Le lettré Gu de JinLing[1] était doué de grands talents, mais de famille très pauvre. Comme sa mère était très âgée, il ne pouvait la quitter et ne gagnait sa vie qu’avec les calligraphies et les peintures qu’il exécutait chaque jour pour les gens qui lui faisaient quelque don. A l’âge de vingt-cinq ans, il n’était pas encore marié. En face de sa demeure, il y avait une vieille résidence abandonnée, habitée par une dame âgée et sa jeune fille. Comme il n’y avait pas d’homme dans la famille, Gu n’avait pas cherché à savoir qui elle était.

 

Un jour, en rentrant à la maison, le lettré vit sortir de la chambre de sa mère une jeune fille de dix-huit à dix-neuf ans, jolie et d’une distinction rare mais qui, si elle ne témoignait d’aucune gêne devant lui, s’enveloppait d une grande froideur. Une fois dans la chambre, le lettré questionna aussitôt sa mère.

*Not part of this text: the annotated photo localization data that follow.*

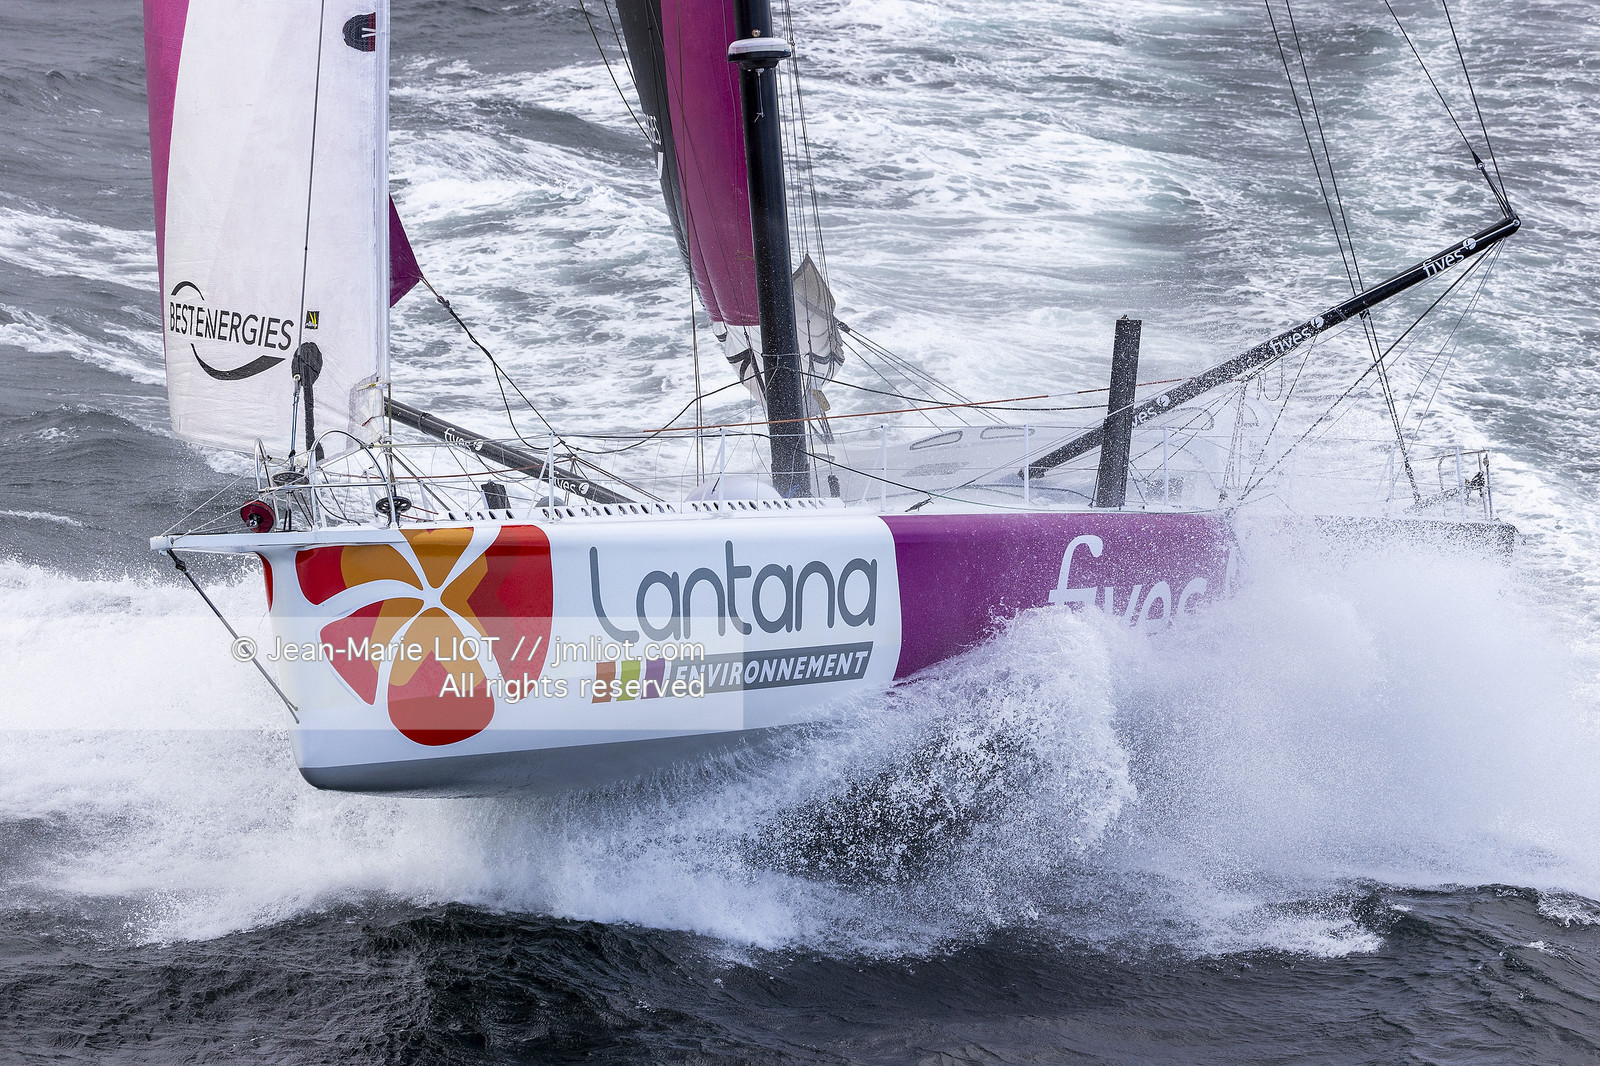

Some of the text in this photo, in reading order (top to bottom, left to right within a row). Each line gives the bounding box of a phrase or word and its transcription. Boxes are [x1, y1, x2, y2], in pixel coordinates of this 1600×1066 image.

[1423, 250, 1465, 277] fives
[1269, 327, 1312, 355] fives
[1132, 407, 1157, 427] ves
[553, 470, 577, 494] ives
[675, 650, 869, 688] ENVIRONNEMENT

-C’est la jeune fille d’en face, dit celle-ci; elle est venue m’emprunter mes ciseaux et ma règle à mesurer. Elle m’a dit qu’elle avait seulement sa mère à la maison. Cette fille ne semble pas issue d’une famille pauvre. Lorsque je lui ai demandé pourquoi elle n’était pas encore mariée, elle m’a donné comme raison l’âge avancé de sa mère. Demain, je vais faire une visite à celle-ci pour sonder ses intentions. Tu pourrais peut-être proposer de te charger de la mère, si elle ne se montrait pas trop exigeante.

Le jour suivant, la mère du lettre se rendu dans la demeure où elle trouva une vieille dame sourde. Un coup d’œil dans la pièce lui permit de découvrir que la provision de céréales suffirait à peine pour le lendemain. Comme elle s’informait de ce que la jeune fille faisait pour vivre, elle comprit qu’elle comptait sur le travail de ses dix doigts fluets. Lorsqu’elle avança délicatement le projet de vivre ensemble, la vieille parut vouloir accepter, mais la jeune garda un silence désapprobateur.

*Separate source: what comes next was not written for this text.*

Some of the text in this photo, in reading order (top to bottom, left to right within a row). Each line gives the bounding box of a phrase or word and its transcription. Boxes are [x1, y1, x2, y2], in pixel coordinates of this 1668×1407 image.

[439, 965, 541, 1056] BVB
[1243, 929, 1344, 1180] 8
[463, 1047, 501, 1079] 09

A son retour, faisant état de la chose, la mère prise de doute dit à son fils:

-Est-ce que cette jeune fille nous rejetterait à cause de notre pauvreté? D après son attitude, on voit qu’elle n’aime ni trop parler ni trop sourire; belle comme une fleur de pêcher et de prunier, mais froide comme le givre et a neige, vraiment c’est une personne déconcertante!

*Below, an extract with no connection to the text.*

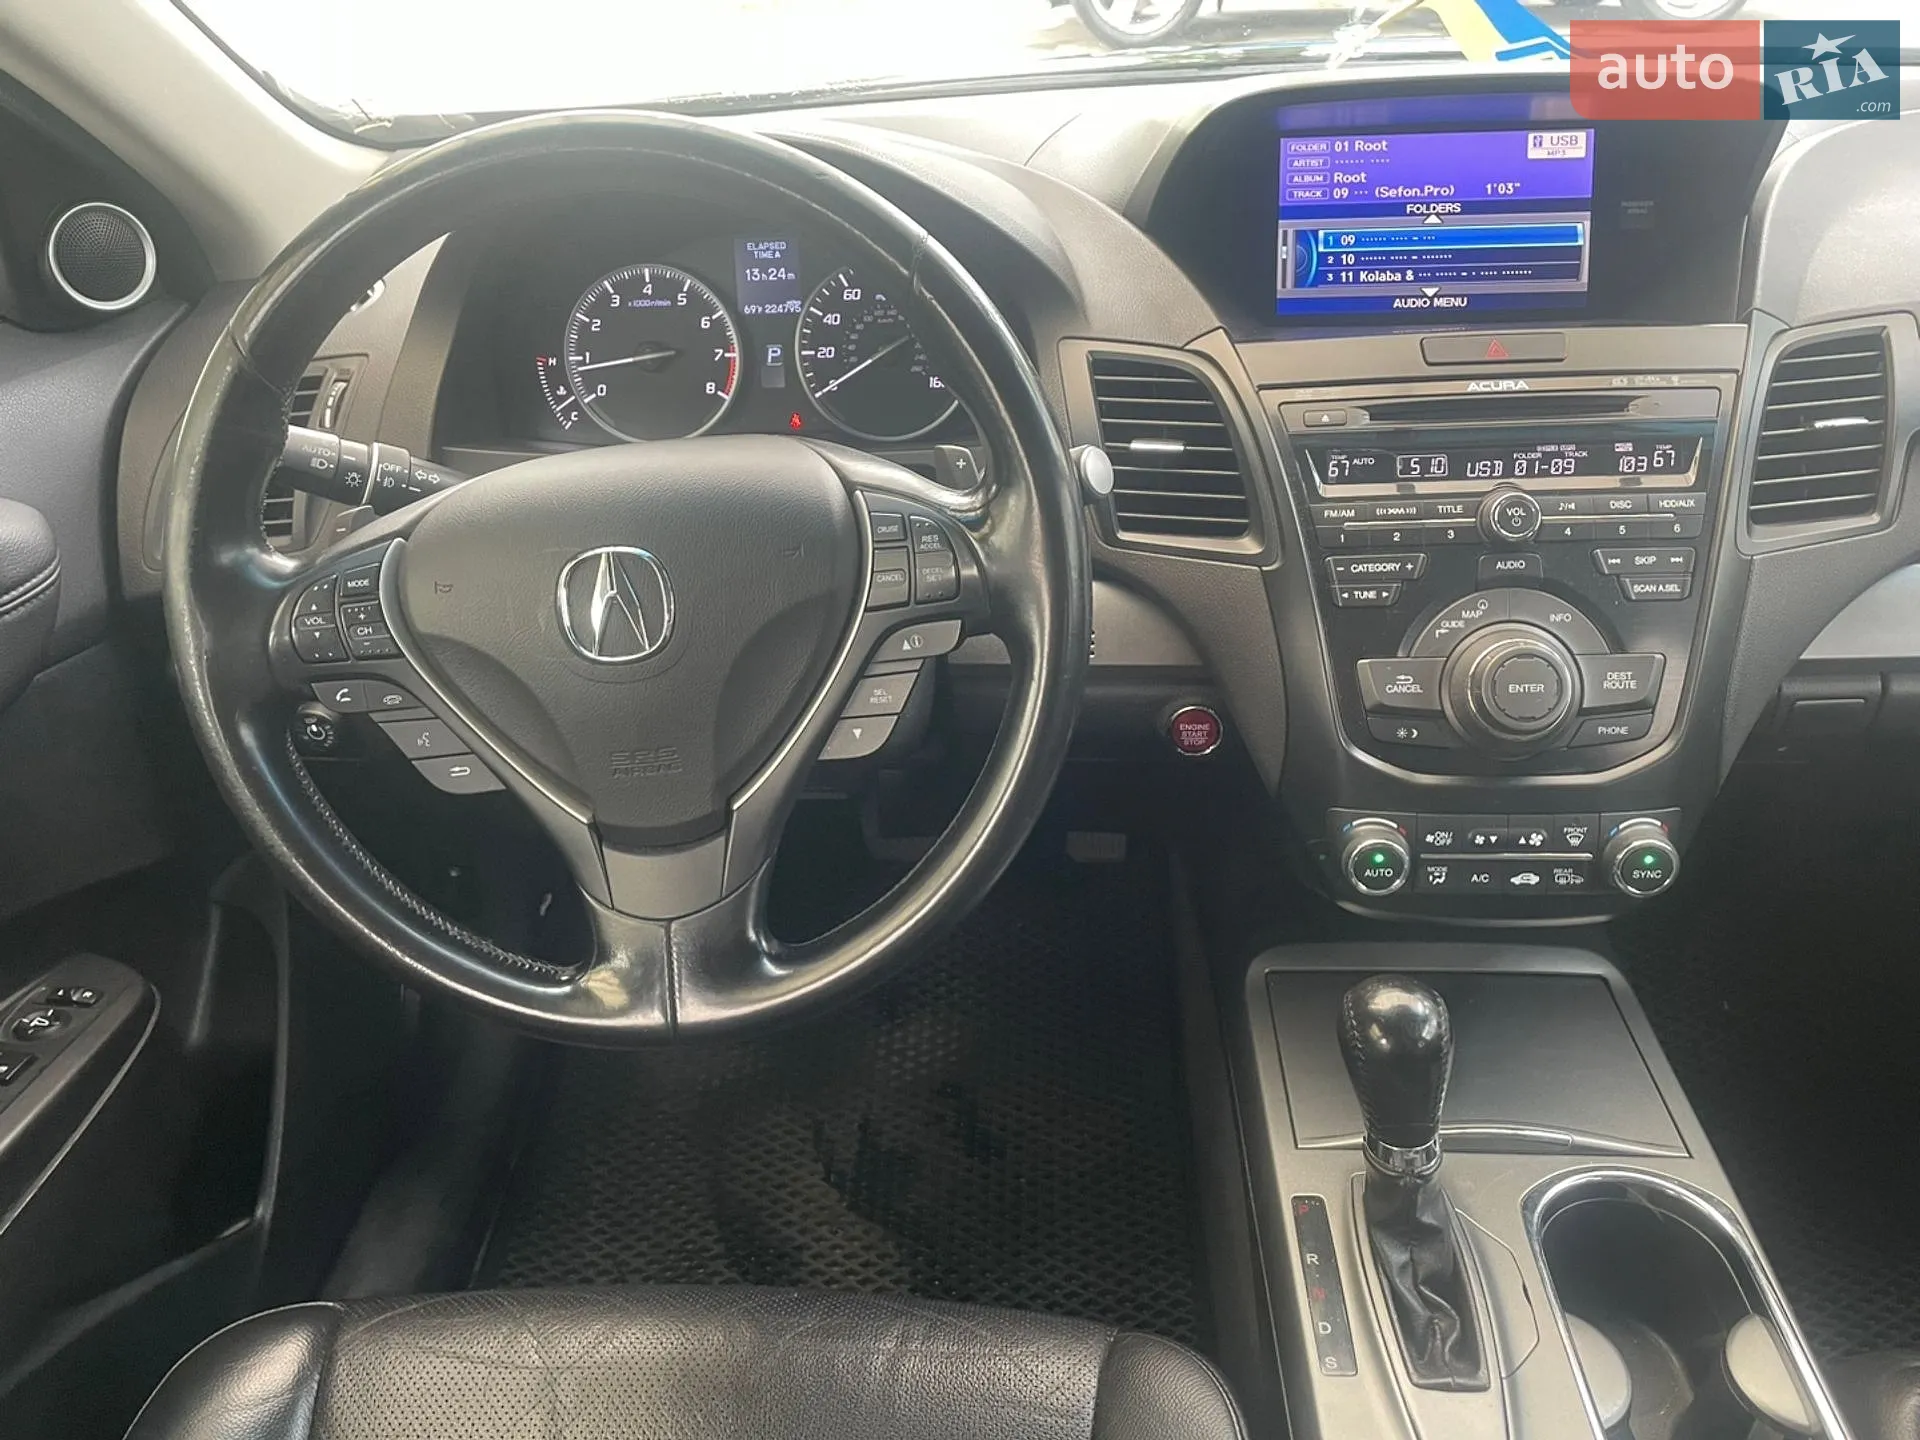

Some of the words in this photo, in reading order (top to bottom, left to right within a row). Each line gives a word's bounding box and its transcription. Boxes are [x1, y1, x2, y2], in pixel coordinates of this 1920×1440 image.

La chose en resta là après bien des conjectures et des soupirs de la mère et du fils.

Un jour, alor que le lettré était assis dans son studio, un adolescent vint lui demander d’exécuter un tableau. Beau de visage, d’allure désinvolte, il répondit au lettré qui l’interrogeait qu’il était venu d’un village voisin. Par la suite, il vint tous les deux ou trois jours. Devenu de plus en plus familier avec le lettré, il s amusait à le taquiner; celui-ci un jour le saisit dans ses bras et, comme il n’opposait pas trop de résistance, il eut des rapports intimes avec lui.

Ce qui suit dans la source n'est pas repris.